- Owo
- Coordinates: 6°30′27″N 7°41′36″E﻿ / ﻿6.5076°N 7.6932°E
- Country: Nigeria
- State: Enugu State
- Local Government Area: Nkanu East
- Time zone: UTC+1 (WAT)

= Owo, Enugu State =

Owo is a town in Nkanu East Local Government Area (LGA) of Enugu state, Nigeria. Owo consists of six main villages: Ashishi, Ohuani, Ishiegu, Ogere, Emene and Ndiagu. Other settlements which were originally part of the main villages are Ejaogbo, Mbulu, Ekeagu, Obegu ishiagu, Obegu Emene, Obegu Ogere, and Obegu Ohuani. These make up Mbulu Owo autonomous community created in the year, 2006. The town is an agrarian community: About 80% of the population are farmers. The population of Owo in 2014 was 9,879. The estimated population of Owo in 2022 is over 14,000 people.

==History==
Owo's history was handed over to the present generation by folklore and there are various accounts to their origin. One account of the folktale has it that their migration to the present location started from Umuatugbuoma in Akegbe Ugwu, a town located along the Enugu – Port Harcourt expressway in the present day Nkanu West LGA of Enugu state. While the details of the migration story are sketchy, Legend claims they foremost migrated to Ugbene, Nike community in Enugu East LGA of Enugu state where they settled and lived for many years. Another account has it Owo originally called Ugbene, was founded by the descendants of a hunter, Ugbene, the son of Emeli Agada of Nike community in Enugu state. The quest for greener pastures and fraternal wars led to their migration to their current location where they settled near the Idodo river. Following their settlement, initial eight clans of Owo were established consisting of Ashishi, Ohuani, Ogere, Ishiegu, Ndiagu ,Emene, Ubegu and ihenyi. After a fraternal war among them, the last two villages, Ubegu and Ihenyi migrated to Eha-Amufu in present-day Isi Uzo LGA of Enugu State.

== Geography ==
Owo is situated in the southeastern part of Enugu state. The geographical coordinates of Owo are 6.5076° N, 7.6932° E. Her latitude and longitude are 6.496689, 7.693233 respectively. The post code of the town is 402118. Owo is bordered on the North by Ubahu, on the East by Amazu, Umuhuali, Nkalagu and Ubeagu (Igbo Esa towns in Ishielu LGA of Ebonyi State), on the West by Nike, and on the South by Oruku and Amechi Idodo. Owo has rich agricultural lands due to her location within the tropical rainforest. Thus, majority of her population are farmers who cultivate majorly crops like yam (the king of crops), cassava, maize, rice, fruits and vegetables such as ugu (fruited pumpkin), anara, ewa, okra among many others. The arable land allows for the growth of many cash crops like palm trees, mango, cashew, ogbono, oranges, and pineapples.

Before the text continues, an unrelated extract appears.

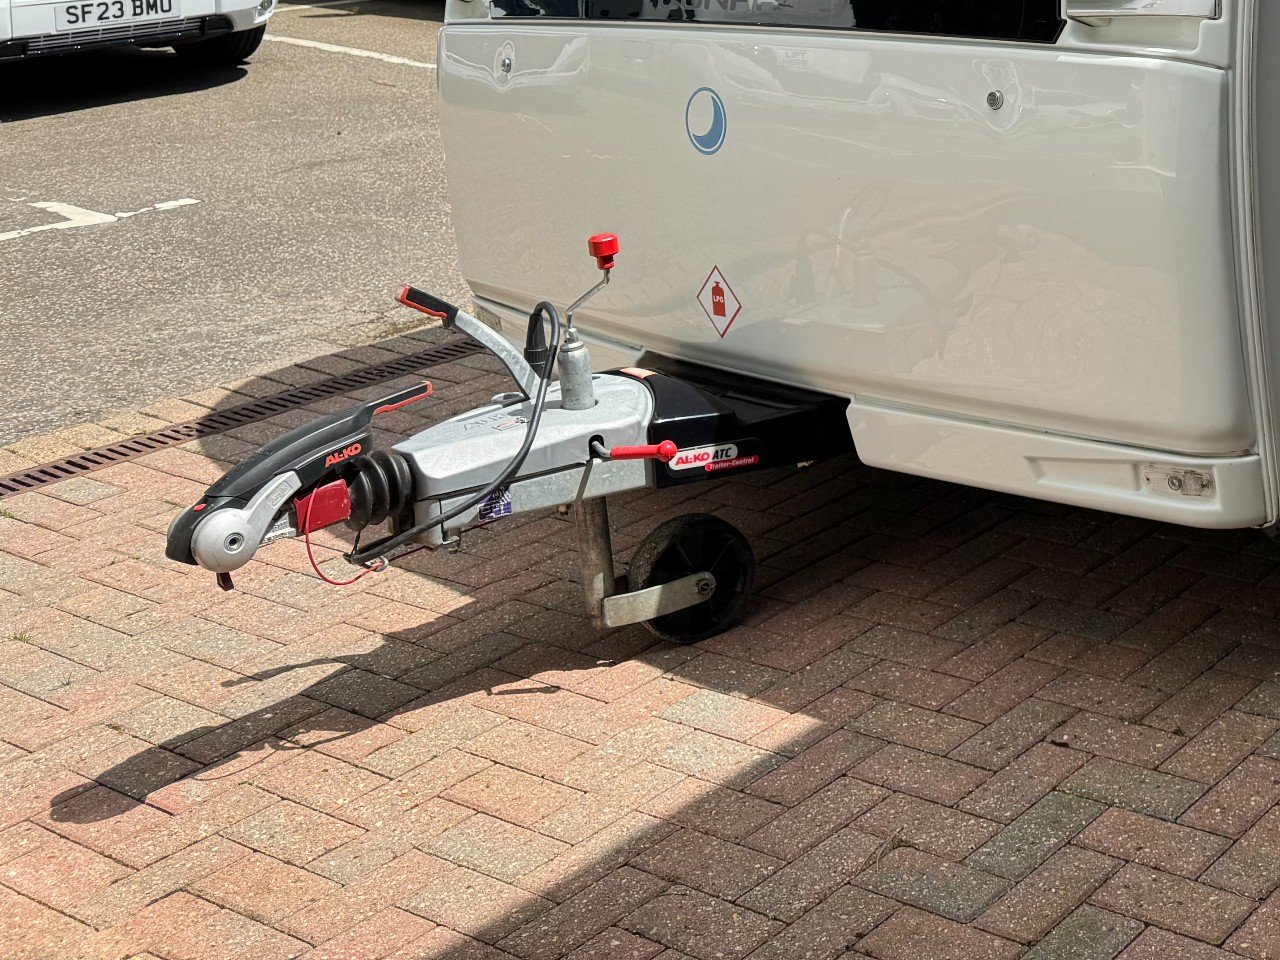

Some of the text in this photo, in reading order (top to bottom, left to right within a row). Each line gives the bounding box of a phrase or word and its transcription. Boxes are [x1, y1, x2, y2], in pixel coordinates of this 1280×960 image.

== Tradition and culture ==

Owo's tradition and cultural heritage govern the daily lives of her people. These are evident in marriage ceremonies, age grade system, farming, naming ceremonies, entertainment like masquerade (Mmanwu) festival), title taking, burial ceremonies, new yam festival and other social festivities like "Ajuu" festival among others. She also shares numerous cultural traits with her neighbouring communities which are in line with Igbo culture and tradition. Before the advent of Christianity, the African Traditional Religion was the dominant religion in the town. Their tradition and cultures are centered on God (Chi/Okuke) and God of the land (Anu/Ani). Owo has its own music and folklore. Owo's traditional music includes Igede, Ode, akatakpa etc. The indigenous masquerades comprise Odo/Ekpe (practiced by Ashishi and Ogere villages) and Omebe (practiced by Ishiagu, Ohuani, Emene, Ndiagu villages). These masquerades feature during burial and funeral ceremonies, religious and socio-cultural and other various festivities as form of entertainment. They sometimes play other roles such as social regulatory tools, judiciary and policing to enforce laws of the land.